【浦添】18日開幕する第37回浦添てだこまつりの運営がピンチだ。浦添市の補助金が300万円減額され、その減額分を企業などからの寄付金でカバーしようとしたが、思うように集まっていないためだ。経費圧縮にも限界があり、フィナーレの花火にしわ寄せが出ることになった。

 てだこまつりの運営費をめぐっては、本年度の浦添市当初予算の編成作業で、松本哲治市長が「補助金ゼロ」を打ち上げた。運営費の財源は自ら先頭に立って集めると説明したが、事務方の説得で補助金は1千万円は確保され、減額は300万円にとどまった。

 事務局は減額分をカバーするため、ゲスト謝礼金や動員する職員の弁当代を見直した。それでも総額2200万円は必要だといい、協賛金のほか、Tシャツやポロシャツの販売、出店料でまかなう。必要額は何とか工面できる見通しだが、2日間にわたって打ち上げる花火に影響が出る。花火費は昨年度340万円。本年度は4分の3の260万円程度に抑えるという。

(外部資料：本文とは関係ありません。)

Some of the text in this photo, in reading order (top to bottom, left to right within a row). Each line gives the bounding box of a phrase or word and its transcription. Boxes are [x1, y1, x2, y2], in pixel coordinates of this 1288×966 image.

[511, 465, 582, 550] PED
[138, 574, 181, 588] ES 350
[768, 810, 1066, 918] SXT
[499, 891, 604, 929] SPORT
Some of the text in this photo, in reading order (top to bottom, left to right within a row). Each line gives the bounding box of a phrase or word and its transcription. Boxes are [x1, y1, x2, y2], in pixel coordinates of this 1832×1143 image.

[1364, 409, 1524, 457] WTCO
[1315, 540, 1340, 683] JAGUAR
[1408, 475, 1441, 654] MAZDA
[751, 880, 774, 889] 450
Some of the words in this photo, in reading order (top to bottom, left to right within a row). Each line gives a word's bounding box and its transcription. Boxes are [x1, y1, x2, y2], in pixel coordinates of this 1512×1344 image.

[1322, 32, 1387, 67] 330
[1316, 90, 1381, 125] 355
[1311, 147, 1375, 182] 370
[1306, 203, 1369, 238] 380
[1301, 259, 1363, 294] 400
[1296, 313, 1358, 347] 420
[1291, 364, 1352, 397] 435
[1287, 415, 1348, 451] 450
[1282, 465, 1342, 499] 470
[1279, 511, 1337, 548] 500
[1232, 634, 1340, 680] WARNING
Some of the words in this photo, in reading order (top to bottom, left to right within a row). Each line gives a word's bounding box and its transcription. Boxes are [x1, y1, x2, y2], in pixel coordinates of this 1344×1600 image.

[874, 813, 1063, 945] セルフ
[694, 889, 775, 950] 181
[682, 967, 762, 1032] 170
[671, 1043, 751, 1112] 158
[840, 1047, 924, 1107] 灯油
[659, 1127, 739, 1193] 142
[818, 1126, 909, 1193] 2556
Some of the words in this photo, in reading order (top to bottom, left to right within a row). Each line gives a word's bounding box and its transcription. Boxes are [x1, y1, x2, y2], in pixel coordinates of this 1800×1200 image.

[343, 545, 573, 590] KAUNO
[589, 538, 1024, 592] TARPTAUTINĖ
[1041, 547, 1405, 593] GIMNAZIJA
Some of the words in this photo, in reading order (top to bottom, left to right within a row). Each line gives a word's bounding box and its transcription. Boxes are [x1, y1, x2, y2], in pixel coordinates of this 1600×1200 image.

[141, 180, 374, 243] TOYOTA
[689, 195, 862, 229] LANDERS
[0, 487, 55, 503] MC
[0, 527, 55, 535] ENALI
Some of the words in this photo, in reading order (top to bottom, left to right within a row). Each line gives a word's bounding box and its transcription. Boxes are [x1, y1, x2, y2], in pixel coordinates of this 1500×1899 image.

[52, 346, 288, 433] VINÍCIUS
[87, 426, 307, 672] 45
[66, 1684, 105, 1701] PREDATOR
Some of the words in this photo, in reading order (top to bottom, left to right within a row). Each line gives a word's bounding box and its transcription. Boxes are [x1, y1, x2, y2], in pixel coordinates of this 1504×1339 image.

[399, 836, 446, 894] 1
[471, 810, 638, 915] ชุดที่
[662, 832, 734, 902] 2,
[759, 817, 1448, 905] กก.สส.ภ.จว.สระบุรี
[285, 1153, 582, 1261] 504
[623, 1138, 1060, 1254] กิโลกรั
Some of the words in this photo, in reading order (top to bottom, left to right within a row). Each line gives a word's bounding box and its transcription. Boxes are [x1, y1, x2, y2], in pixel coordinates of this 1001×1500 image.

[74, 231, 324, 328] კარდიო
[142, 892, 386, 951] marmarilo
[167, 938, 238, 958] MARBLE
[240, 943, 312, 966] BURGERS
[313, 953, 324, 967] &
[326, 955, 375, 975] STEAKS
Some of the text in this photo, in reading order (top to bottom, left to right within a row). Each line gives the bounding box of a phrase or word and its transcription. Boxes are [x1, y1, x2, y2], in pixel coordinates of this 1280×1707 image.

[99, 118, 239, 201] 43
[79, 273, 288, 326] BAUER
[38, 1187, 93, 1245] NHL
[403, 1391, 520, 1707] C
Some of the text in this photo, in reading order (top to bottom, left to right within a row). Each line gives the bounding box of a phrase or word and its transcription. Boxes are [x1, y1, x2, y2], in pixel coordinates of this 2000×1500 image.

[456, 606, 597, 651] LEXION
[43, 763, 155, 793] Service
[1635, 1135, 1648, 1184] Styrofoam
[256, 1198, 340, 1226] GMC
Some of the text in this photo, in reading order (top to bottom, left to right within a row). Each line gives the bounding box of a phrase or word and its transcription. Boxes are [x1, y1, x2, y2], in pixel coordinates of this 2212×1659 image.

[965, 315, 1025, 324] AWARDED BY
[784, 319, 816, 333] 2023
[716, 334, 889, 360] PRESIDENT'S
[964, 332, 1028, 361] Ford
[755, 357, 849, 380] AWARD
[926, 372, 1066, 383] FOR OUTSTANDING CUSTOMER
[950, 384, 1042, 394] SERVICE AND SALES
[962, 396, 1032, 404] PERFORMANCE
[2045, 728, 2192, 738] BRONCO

 てだこまつりは、実行委に加わった市内の企業など66団体がテント設営や清掃などをボランティアで支える市民まつり。協賛金を出してきた団体からは「予算を減らしておいて、その分を協賛金の形で負担を求めるというのはいかがなものか」と不満も漏れるが、事務局はまつり成功に努力を続けている。